Before I Start Taking Oral or IV Antiresorptive or Antiangiogenic Medications What Should I Do?
- Patients should undergo a comprehensive dental exam that may include a panoramic radiograph to detect potential dental and periodontal infections.
- Remove abscessed and non-restorable teeth and teeth with severe periodontal disease
- Remove teeth with poor long-term prognosis
- Functionally rehabilitate salvageable dentition
If you need surgery, including extractions and implants, get it done at least 3 to 4 months before starting treatment so that the bone will have time to recover.
What if I Have Been Taking Oral Bisphosphonates or Other Antiresorptive Medications?
Do not panic since you are already at low risk. It is important for you to maintain good oral hygiene, and for those who wear dentures, have them properly fitted. Patients should be vigilant about getting a dental exam and cleaning twice annually and to make sure they tell the dentist that they are taking these medications to ensure a gentle cleaning.
For patients who have taken an oral bisphosphonate or antiresorptive medication for less than 3 years and have no clinical or radiographic risk factors, no alteration or delay is necessary for planned surgeries common to oral and maxillofacial surgeons, and other dental providers. However, there could be risk in the event the patient continues to take an oral bisphosphonate.
For patients who have taken an oral bisphosphonate or antiresorptive medications for less than 3 years, but have at least one medical risk factor it is advised that the prescribing physician be contacted and a recommendation made to suspend use of the oral bisphosphonate (drug holiday) for at least 3 months. After 3 months, a serum CTX test is recommended. CTX values of less than 150 pg/mL indicate that the surgery should be deferred and the drug holiday maintained for another 3 months. If the serum CTX value is greater than 150 pg/mL, it is reasonable to proceed with the planned surgery. Use of the medication should not be reinstated until 3 months of healing have passed.
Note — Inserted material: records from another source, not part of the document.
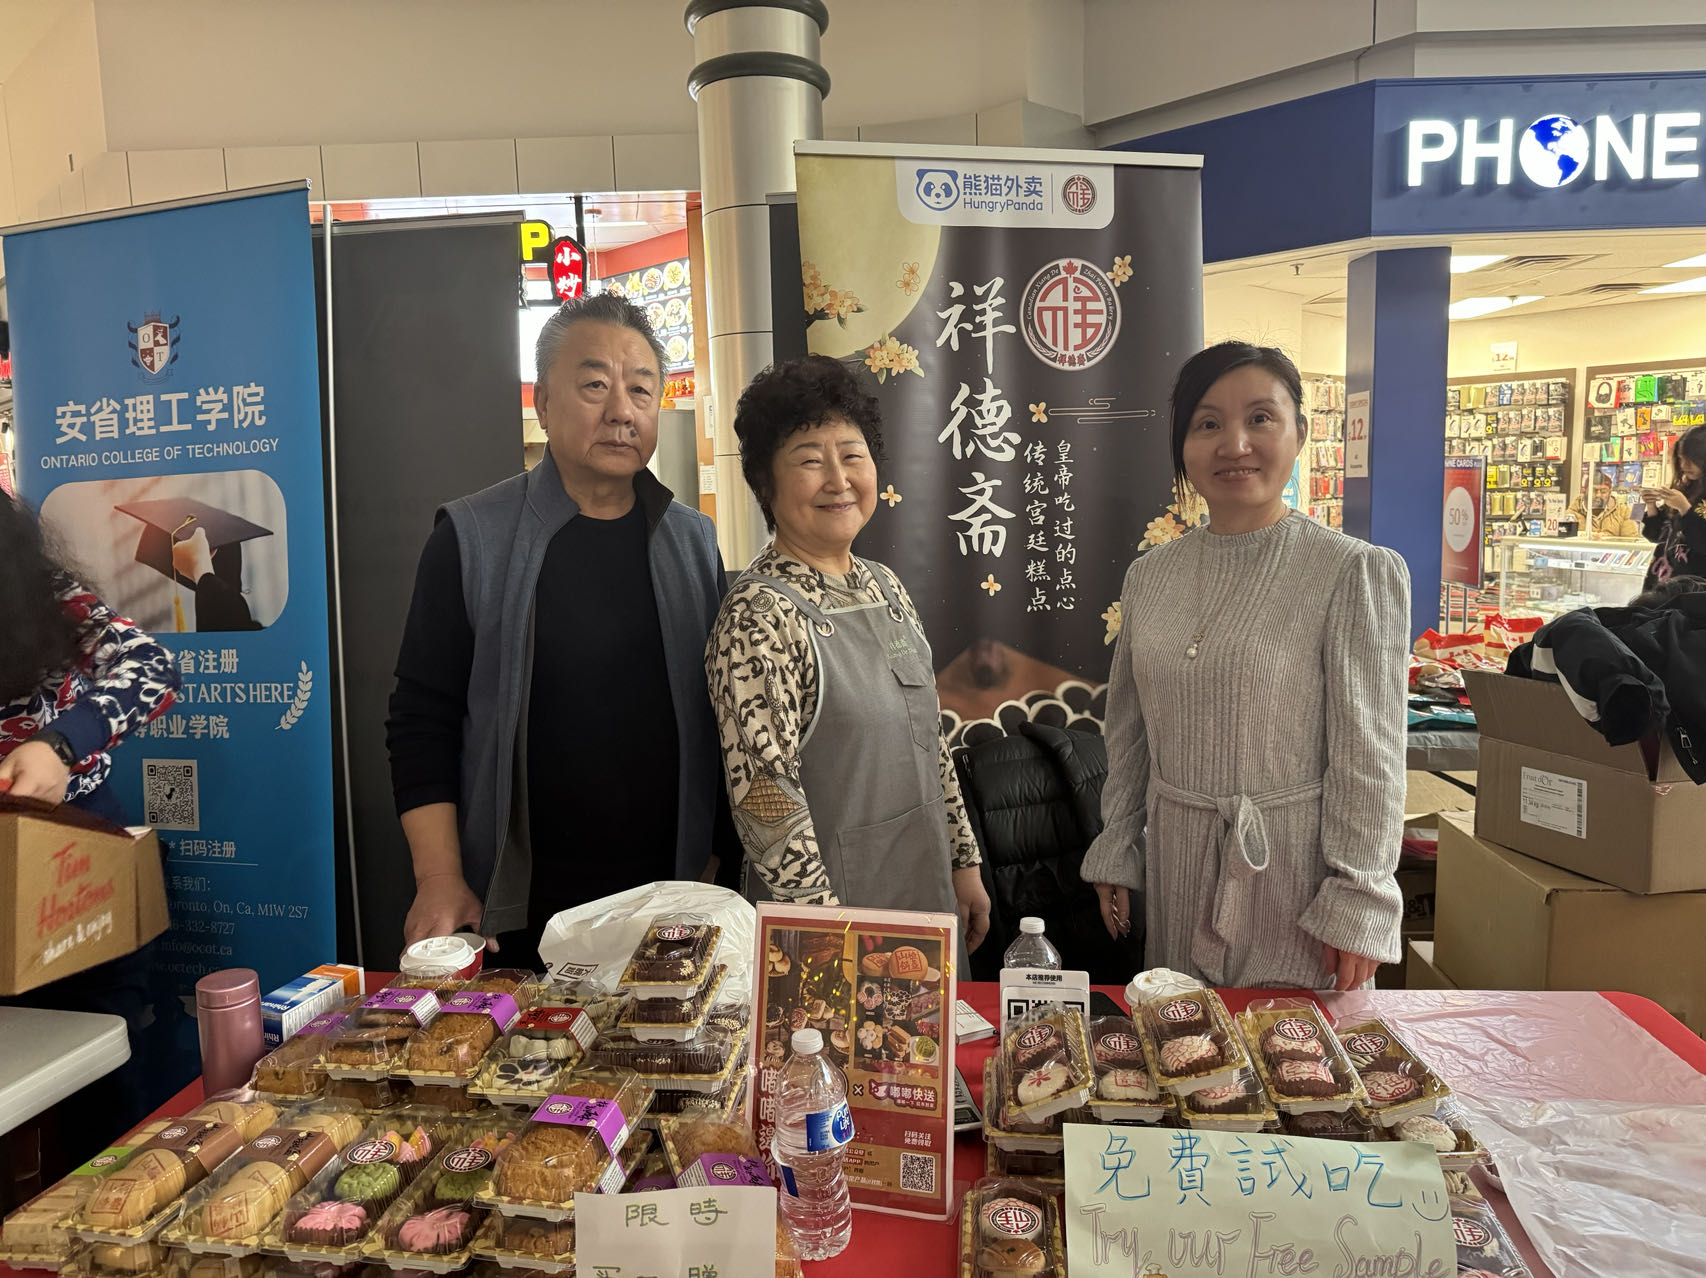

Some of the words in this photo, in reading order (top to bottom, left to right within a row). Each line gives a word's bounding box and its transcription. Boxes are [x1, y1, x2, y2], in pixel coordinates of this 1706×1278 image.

[1407, 112, 1700, 188] PHONE
[963, 173, 1043, 197] 熊猫外卖
[963, 198, 1043, 213] HungryPanda
[556, 247, 582, 298] 小炒
[55, 382, 266, 445] 安省理工学院
[935, 276, 1022, 557] 祥德斋
[40, 453, 98, 470] ONTARIO
[102, 447, 160, 466] COLLEGE
[164, 446, 182, 460] OF
[186, 438, 280, 459] TECHNOLOGY
[1022, 443, 1052, 613] 传统宫廷糕点
[1053, 440, 1077, 610] 皇帝吃过的点心
[249, 683, 294, 703] HERE
[179, 839, 236, 858] 扫码注册
[288, 905, 309, 919] 2S7
[1026, 974, 1063, 982] 本店推荐使用
[889, 1086, 935, 1103] 嘟嘟快送
[1095, 1128, 1403, 1207] 免費試吃
[625, 1198, 728, 1228] 限時
[1248, 1211, 1319, 1278] Free
For patients who have taken an oral bisphosphonate or antiresorptive medication for more than 3 years regardless of any risk factors, it is advised that the prescribing physician be contacted and a recommendation made to discontinue the medication for 3 months prior to the procedure and to refrain from reinstating use until 3 months after the procedure. It is also advisable to perform a serum CTX bone turnover marker study at the time of the initial oral consultation and immediately before performing the procedure. Regardless of the initial CTX value, any increase at the time of surgery represents a margin of reduced risk. A value of > 150 pg/mL is a minimum requirement for surgery in this group.
For patients who are taking antiangiogenic medications. Consultation will be sought with the physician prescribing the medication as to the advisability of any surgical procedures and the best way to manage your medications.